Collected data entries:
===============

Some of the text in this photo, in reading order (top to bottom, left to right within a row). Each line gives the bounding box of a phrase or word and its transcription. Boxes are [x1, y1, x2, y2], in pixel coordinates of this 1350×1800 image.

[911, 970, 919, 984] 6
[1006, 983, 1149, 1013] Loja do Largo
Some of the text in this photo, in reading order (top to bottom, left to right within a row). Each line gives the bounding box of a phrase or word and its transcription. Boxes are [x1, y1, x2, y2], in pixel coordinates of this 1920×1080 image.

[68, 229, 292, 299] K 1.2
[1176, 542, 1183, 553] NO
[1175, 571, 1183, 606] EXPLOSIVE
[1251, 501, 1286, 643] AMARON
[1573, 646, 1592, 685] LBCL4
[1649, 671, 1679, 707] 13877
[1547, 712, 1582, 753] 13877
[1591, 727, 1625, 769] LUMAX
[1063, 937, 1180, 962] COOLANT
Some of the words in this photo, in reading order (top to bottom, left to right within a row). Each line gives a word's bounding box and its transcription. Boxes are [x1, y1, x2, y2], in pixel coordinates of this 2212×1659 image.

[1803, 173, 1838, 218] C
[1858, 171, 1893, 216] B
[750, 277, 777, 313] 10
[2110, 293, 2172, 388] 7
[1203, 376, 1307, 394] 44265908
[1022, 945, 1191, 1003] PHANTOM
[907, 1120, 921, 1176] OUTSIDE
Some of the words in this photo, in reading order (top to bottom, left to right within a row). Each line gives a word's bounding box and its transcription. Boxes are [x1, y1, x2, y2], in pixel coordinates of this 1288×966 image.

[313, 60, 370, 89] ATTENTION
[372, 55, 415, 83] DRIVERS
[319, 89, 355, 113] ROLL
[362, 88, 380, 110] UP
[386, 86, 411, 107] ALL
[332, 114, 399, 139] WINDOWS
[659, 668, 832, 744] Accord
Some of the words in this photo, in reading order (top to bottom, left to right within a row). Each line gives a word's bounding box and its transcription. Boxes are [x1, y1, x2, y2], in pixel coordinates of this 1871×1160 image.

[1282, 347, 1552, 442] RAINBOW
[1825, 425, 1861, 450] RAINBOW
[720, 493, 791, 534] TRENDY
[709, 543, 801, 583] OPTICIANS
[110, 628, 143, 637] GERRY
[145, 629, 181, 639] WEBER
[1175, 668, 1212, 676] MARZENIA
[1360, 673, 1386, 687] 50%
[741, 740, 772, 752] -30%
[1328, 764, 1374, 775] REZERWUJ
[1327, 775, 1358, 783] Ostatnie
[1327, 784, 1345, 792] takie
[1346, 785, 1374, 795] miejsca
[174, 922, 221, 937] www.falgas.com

===============

Exercise instructions: The response should be a verbatim transcription of the data.

Result of this task:
Some of the text in this photo, in reading order (top to bottom, left to right within a row). Each line gives the bounding box of a phrase or word and its transcription. Boxes are [x1, y1, x2, y2], in pixel coordinates of this 1350×1800 image.

[911, 970, 919, 984] 6
[1006, 983, 1149, 1013] Loja do Largo
Some of the text in this photo, in reading order (top to bottom, left to right within a row). Each line gives the bounding box of a phrase or word and its transcription. Boxes are [x1, y1, x2, y2], in pixel coordinates of this 1920×1080 image.

[68, 229, 292, 299] K 1.2
[1176, 542, 1183, 553] NO
[1175, 571, 1183, 606] EXPLOSIVE
[1251, 501, 1286, 643] AMARON
[1573, 646, 1592, 685] LBCL4
[1649, 671, 1679, 707] 13877
[1547, 712, 1582, 753] 13877
[1591, 727, 1625, 769] LUMAX
[1063, 937, 1180, 962] COOLANT
Some of the words in this photo, in reading order (top to bottom, left to right within a row). Each line gives a word's bounding box and its transcription. Boxes are [x1, y1, x2, y2], in pixel coordinates of this 2212×1659 image.

[1803, 173, 1838, 218] C
[1858, 171, 1893, 216] B
[750, 277, 777, 313] 10
[2110, 293, 2172, 388] 7
[1203, 376, 1307, 394] 44265908
[1022, 945, 1191, 1003] PHANTOM
[907, 1120, 921, 1176] OUTSIDE
Some of the words in this photo, in reading order (top to bottom, left to right within a row). Each line gives a word's bounding box and its transcription. Boxes are [x1, y1, x2, y2], in pixel coordinates of this 1288×966 image.

[313, 60, 370, 89] ATTENTION
[372, 55, 415, 83] DRIVERS
[319, 89, 355, 113] ROLL
[362, 88, 380, 110] UP
[386, 86, 411, 107] ALL
[332, 114, 399, 139] WINDOWS
[659, 668, 832, 744] Accord
Some of the words in this photo, in reading order (top to bottom, left to right within a row). Each line gives a word's bounding box and its transcription. Boxes are [x1, y1, x2, y2], in pixel coordinates of this 1871×1160 image.

[1282, 347, 1552, 442] RAINBOW
[1825, 425, 1861, 450] RAINBOW
[720, 493, 791, 534] TRENDY
[709, 543, 801, 583] OPTICIANS
[110, 628, 143, 637] GERRY
[145, 629, 181, 639] WEBER
[1175, 668, 1212, 676] MARZENIA
[1360, 673, 1386, 687] 50%
[741, 740, 772, 752] -30%
[1328, 764, 1374, 775] REZERWUJ
[1327, 775, 1358, 783] Ostatnie
[1327, 784, 1345, 792] takie
[1346, 785, 1374, 795] miejsca
[174, 922, 221, 937] www.falgas.com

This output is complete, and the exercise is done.